Strong PDGFRA positivity is seen in GISTs but not in other intra-abdominal mesenchymal tumors: Immunohistochemical and mutational analyses

Mutation of the platelet-derived growth factor receptor-alpha (PDGFRA) gene has been well documented as an alternative oncogenic mechanism in a subset of gastrointestinal stromal tumors (GISTs) lacking c-kit mutations. However, the role of PDGFRA immunohistochemistry in the diagnosis of GISTs has not been well studied. We investigated PDGFRA immunoreactivity in GISTs and in other intra-abdominal mesenchymal tumors, and correlated PDGFRA expression with CD117 positivity and with the mutational status of PDGFRA and c-kit genes. In addition, expression of phosphorylated AKT, an activated downstream molecule in the PDGFRA and c-kit signaling pathways, was correlated with PDGFRA and CD117 status. A total of 39 GISTs and 20 other mesenchymal tumors in the abdomen were included in this study. Thirty-five of 39 GIST cases (89.7%) were positive for PDGFRA and 19 of these 35 positive cases were strongly positive. Five of 20 non-GIST lesions (25%) were positive for PDGFRA, but none of these cases were strongly positive.

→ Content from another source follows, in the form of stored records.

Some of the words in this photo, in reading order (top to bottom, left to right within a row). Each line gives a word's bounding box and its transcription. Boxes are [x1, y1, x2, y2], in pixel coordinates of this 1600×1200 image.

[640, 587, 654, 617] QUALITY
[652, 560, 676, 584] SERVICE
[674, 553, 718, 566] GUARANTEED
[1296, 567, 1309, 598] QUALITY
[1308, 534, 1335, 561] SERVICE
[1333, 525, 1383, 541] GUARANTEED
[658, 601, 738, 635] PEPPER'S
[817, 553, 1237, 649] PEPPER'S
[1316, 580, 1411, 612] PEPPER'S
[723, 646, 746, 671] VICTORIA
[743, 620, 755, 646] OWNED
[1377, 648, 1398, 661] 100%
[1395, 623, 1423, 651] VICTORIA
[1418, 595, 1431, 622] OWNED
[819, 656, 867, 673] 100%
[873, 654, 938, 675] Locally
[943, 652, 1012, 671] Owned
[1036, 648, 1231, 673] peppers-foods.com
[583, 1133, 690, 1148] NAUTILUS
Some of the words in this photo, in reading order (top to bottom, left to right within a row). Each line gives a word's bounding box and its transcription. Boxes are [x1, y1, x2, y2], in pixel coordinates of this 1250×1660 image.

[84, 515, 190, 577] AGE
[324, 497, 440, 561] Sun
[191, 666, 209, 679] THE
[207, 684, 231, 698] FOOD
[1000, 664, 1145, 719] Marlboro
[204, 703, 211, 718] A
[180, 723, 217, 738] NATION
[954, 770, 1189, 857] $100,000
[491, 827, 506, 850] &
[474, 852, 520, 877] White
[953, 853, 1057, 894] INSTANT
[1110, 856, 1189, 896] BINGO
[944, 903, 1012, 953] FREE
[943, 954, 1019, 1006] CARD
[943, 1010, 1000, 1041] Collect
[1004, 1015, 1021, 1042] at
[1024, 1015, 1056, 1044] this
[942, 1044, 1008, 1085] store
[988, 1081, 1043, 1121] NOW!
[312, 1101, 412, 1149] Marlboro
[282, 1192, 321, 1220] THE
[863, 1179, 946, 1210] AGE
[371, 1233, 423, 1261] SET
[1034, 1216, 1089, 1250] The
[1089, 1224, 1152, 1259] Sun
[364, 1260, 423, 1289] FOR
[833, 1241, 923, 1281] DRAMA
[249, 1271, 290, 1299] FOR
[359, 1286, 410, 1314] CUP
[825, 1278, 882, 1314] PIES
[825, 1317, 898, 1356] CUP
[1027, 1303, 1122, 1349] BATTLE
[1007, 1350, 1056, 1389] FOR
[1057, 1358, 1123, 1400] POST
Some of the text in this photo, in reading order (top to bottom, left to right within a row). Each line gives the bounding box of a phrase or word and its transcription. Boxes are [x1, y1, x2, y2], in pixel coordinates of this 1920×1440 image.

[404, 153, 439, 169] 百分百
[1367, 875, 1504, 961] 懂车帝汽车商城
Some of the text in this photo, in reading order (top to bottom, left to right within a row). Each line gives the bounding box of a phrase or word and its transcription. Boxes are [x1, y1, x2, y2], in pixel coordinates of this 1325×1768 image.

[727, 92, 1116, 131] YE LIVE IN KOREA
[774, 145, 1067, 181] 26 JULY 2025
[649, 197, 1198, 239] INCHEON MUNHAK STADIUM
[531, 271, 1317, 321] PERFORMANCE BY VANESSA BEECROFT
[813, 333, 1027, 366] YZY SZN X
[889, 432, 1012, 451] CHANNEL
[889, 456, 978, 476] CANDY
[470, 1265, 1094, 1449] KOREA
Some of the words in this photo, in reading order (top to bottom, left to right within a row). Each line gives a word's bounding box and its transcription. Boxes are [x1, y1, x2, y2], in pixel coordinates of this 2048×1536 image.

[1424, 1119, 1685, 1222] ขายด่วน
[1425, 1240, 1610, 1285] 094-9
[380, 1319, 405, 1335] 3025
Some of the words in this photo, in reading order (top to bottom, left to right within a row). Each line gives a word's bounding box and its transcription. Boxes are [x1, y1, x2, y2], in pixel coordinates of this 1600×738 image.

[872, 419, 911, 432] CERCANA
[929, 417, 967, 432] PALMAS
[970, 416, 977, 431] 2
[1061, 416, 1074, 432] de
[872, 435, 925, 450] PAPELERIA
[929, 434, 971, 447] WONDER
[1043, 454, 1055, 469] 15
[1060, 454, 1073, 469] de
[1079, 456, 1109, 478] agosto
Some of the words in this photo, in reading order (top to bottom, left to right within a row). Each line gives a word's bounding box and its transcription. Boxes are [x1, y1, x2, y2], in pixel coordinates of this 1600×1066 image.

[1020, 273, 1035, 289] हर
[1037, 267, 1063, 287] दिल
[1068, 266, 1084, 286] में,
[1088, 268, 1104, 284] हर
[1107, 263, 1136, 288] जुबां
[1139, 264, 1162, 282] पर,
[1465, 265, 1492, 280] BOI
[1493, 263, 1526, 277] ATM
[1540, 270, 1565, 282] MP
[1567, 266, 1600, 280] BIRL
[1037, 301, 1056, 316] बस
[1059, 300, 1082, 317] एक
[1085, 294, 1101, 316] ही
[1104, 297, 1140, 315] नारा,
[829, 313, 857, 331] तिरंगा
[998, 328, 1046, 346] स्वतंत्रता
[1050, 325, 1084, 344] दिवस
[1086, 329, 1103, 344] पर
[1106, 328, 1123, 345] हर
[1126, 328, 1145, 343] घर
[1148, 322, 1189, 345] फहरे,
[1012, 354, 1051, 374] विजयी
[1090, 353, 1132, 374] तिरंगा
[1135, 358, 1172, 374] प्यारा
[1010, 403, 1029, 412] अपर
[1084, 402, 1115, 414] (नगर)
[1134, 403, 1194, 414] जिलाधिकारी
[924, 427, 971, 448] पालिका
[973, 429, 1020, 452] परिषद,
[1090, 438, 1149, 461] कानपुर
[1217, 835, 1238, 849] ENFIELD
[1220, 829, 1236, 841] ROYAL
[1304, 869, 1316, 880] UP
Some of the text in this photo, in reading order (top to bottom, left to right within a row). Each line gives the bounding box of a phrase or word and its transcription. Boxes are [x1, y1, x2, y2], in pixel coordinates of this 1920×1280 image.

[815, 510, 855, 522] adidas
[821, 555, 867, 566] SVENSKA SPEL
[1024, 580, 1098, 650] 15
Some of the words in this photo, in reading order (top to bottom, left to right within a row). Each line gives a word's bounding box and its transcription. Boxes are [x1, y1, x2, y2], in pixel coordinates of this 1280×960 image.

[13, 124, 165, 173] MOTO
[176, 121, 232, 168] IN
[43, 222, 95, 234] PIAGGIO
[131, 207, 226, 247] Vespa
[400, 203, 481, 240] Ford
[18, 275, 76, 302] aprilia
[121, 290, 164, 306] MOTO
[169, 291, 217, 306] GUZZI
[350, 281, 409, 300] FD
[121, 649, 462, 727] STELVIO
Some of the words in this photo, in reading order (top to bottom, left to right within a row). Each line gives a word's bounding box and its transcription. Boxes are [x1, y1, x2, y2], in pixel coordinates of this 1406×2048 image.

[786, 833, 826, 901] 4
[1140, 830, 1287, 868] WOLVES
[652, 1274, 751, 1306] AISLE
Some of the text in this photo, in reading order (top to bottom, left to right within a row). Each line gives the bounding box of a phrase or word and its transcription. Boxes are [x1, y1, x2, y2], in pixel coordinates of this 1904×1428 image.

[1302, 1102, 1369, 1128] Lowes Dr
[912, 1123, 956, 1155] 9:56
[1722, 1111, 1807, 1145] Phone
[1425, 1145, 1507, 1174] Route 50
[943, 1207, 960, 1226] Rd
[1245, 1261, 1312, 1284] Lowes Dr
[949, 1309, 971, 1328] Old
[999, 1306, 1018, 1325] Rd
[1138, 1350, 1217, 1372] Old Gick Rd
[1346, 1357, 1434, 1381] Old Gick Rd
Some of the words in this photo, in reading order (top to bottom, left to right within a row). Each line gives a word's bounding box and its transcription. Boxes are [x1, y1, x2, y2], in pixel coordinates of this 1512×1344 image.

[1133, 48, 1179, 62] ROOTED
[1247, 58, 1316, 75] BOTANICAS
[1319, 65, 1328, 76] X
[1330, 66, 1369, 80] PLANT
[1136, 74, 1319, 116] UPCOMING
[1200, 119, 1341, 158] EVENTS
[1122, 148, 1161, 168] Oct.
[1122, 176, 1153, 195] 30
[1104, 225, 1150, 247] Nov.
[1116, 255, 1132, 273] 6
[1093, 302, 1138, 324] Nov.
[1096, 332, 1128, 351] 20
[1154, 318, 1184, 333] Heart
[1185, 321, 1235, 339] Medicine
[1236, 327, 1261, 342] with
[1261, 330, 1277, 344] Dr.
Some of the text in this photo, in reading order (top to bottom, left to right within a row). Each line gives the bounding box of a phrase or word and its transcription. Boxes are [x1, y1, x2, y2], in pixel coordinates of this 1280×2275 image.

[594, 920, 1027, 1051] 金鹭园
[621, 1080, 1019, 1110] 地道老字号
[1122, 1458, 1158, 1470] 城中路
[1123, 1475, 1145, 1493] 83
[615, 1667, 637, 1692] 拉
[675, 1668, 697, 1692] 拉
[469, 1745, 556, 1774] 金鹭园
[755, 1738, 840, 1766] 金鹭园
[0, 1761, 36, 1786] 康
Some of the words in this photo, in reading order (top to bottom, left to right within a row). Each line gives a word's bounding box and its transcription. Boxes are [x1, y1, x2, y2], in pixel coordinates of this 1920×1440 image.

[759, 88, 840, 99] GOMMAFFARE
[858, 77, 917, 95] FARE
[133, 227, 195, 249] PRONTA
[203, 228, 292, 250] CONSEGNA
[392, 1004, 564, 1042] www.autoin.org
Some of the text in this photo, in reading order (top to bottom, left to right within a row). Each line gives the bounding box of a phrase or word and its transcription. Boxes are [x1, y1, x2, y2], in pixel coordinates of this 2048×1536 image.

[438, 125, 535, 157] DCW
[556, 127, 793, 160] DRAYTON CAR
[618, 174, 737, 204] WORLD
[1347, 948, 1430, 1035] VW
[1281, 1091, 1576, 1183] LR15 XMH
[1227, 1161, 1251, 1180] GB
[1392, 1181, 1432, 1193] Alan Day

With one exception, PDGFRA-positive cases were also positive for CD117. Phosphorylated AKT positivity was not associated with the immunoreactivity or mutation of PDGFRA and c-kit, suggesting that the activation of AKT is probably independent of the activation of PDGFRA and c-kit in GISTs. Of 14 GISTs assayed, 4 had mutations in c-kit at exons 11 or 17, and 4 had mutations in PDGFRA at exons 12 or 18. Three of 4 GIST cases with PDGFRA mutations show epithelioid morphology and strong PDGFRA immunoreactivity with prominent perinuclear dotlike accentuation (so-called Golgi pattern). In conclusion, strong PDGFRA positivity with Golgi pattern is a useful adjunct in the diagnosis of GISTs with PDGFRA mutation.